Adriana Villagrán
- Full name: Adriana Villagrán-Reami
- Country (sports): Argentina
- Born: 7 August 1956 (age 69)
- Turned pro: 1979
- Retired: 1991
- Prize money: $213,421

Singles
- Career record: 76–118
- Career titles: 0
- Highest ranking: No. 99 (1 August 1988)

Grand Slam singles results
- Australian Open: 2R (1984)
- French Open: 3R (1985)
- Wimbledon: 2R (1985, 1986, 1987)
- US Open: 2R (1985)

Doubles
- Career record: 62–119
- Career titles: 0
- Highest ranking: No. 111 (12 October 1987)
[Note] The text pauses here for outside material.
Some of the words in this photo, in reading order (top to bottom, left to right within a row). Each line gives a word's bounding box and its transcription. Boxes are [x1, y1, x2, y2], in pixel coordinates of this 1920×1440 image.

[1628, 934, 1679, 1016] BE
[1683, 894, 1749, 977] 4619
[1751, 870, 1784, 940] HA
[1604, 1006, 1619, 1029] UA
Grand Slam doubles results
- French Open: F (1980)
- Wimbledon: 2R (1986)
- US Open: 2R (1986, 1987)

= Adriana Villagrán =

Argentine tennis player

Adriana Villagrán (born 7 August 1956) is an Argentine tennis player, who played professionally in the 1980s. She is also known under the married name Adriana Villagrán-Reami.

==Career==
In 1980, with compatriot Ivanna Madruga, she reached the women's doubles final at Roland Garros (losing to Kathy Jordan and Anne Smith). She participated in seven Grand Slam tournaments.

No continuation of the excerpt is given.